## Task requirements
Below are records to reproduce in full; copy them exactly but keep the pictures out.

## Information supplied
· · · ·

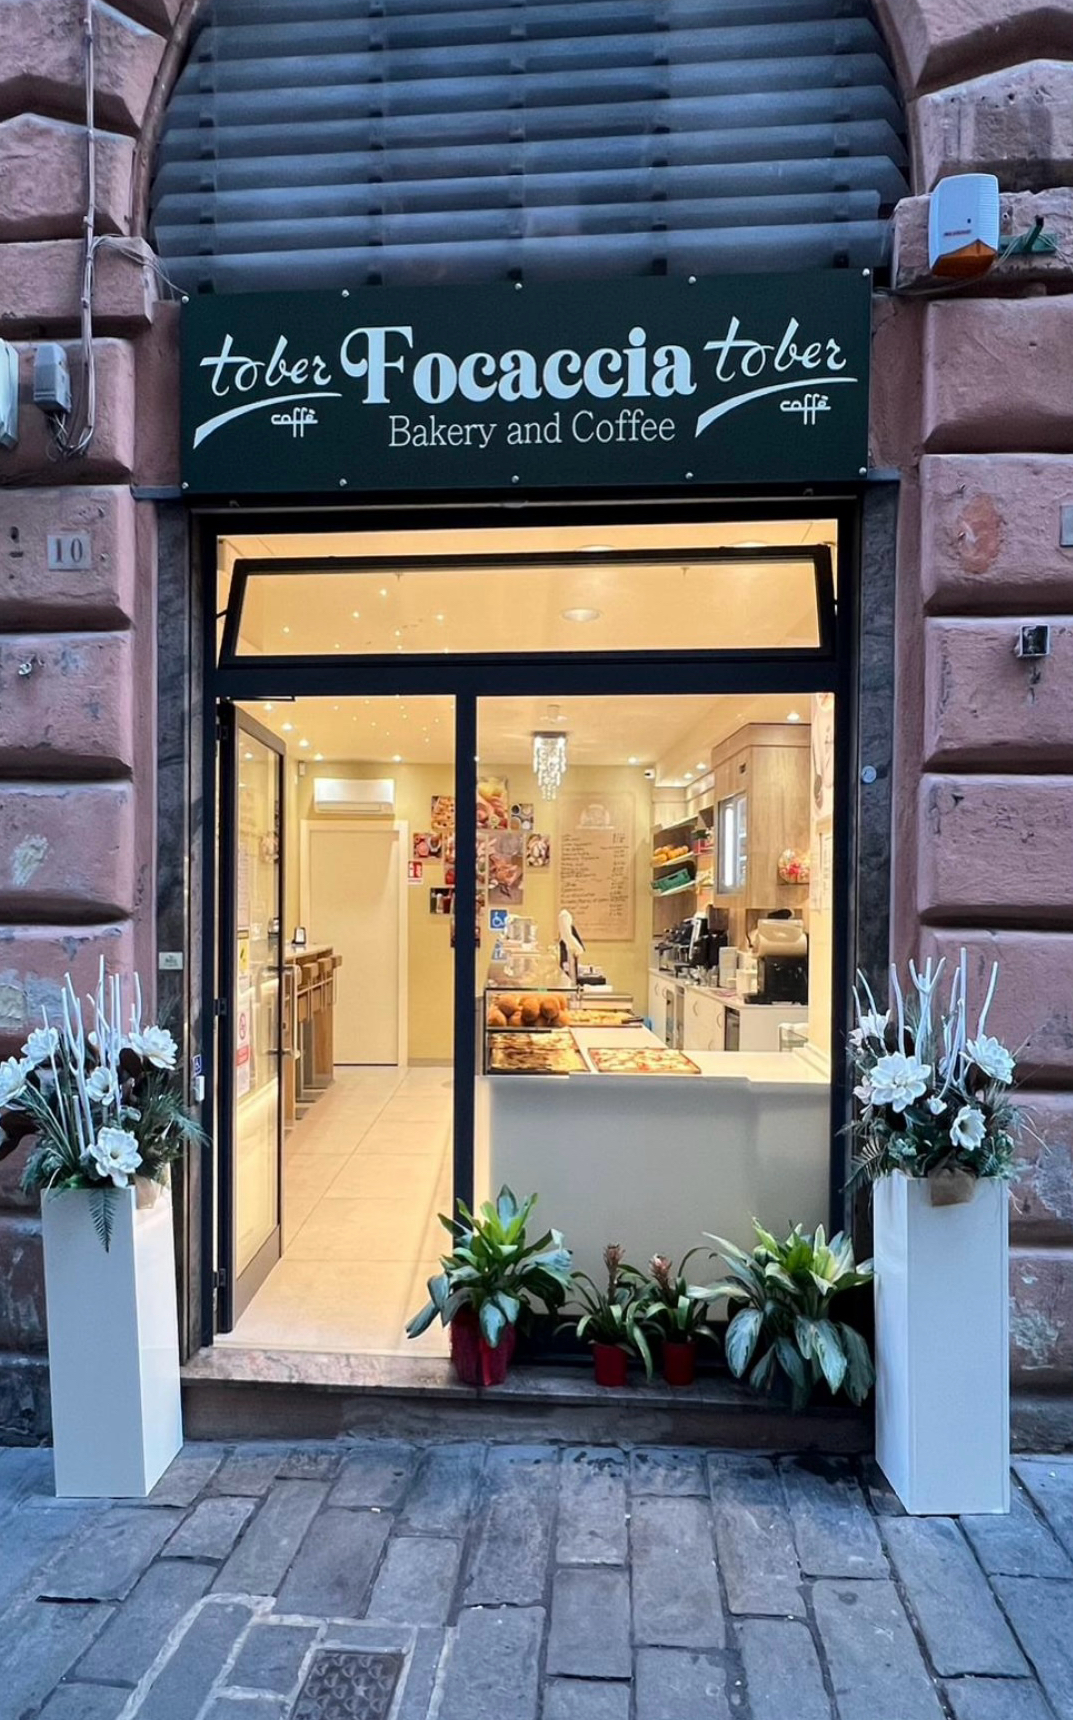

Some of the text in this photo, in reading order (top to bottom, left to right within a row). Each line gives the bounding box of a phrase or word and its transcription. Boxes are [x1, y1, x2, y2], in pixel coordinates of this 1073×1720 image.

[199, 333, 332, 397] tober
[339, 325, 698, 405] Focaccia
[703, 315, 847, 383] tober
[388, 408, 676, 449] Bakery and Coffee
[56, 538, 83, 562] 10
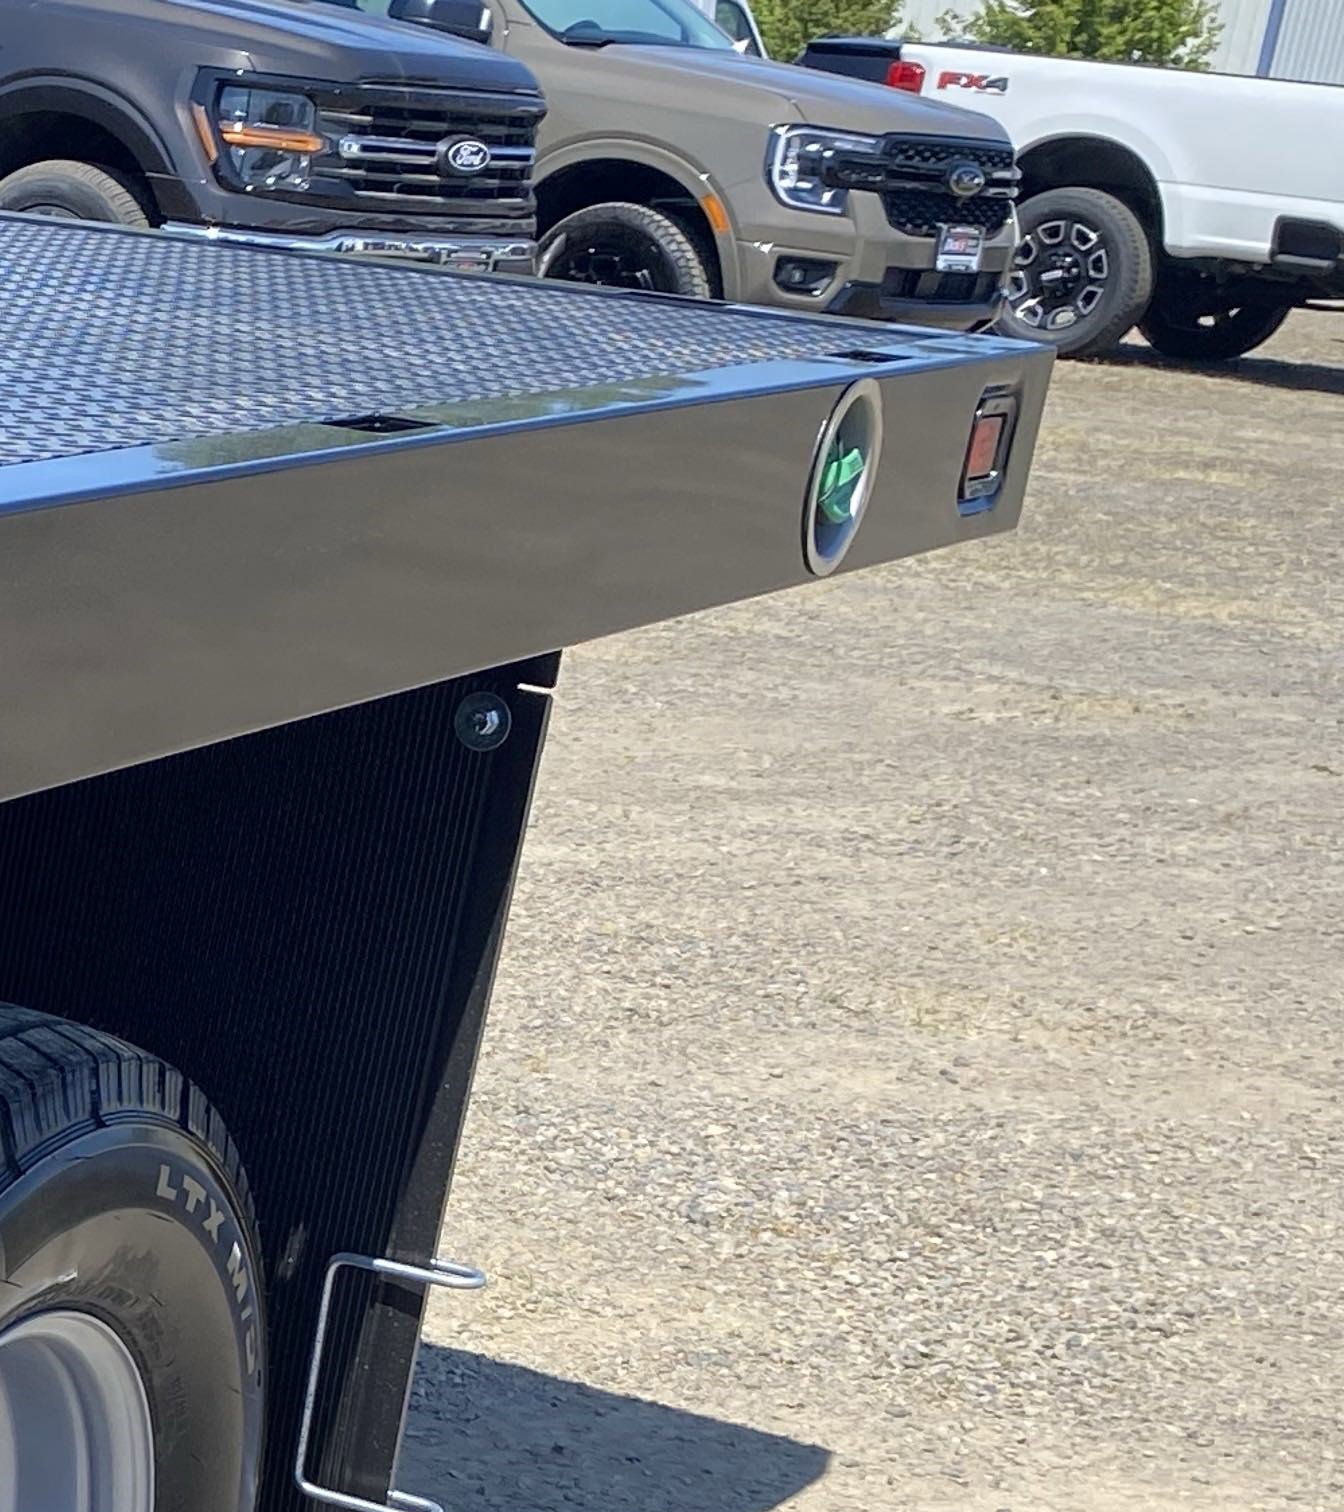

· · · ·

## Result below
Some of the text in this photo, in reading order (top to bottom, left to right within a row). Each line gives the bounding box of a phrase or word and its transcription. Boxes are [x1, y1, x2, y2], in pixel coordinates of this 1073×1720 image.

[199, 333, 332, 397] tober
[339, 325, 698, 405] Focaccia
[703, 315, 847, 383] tober
[388, 408, 676, 449] Bakery and Coffee
[56, 538, 83, 562] 10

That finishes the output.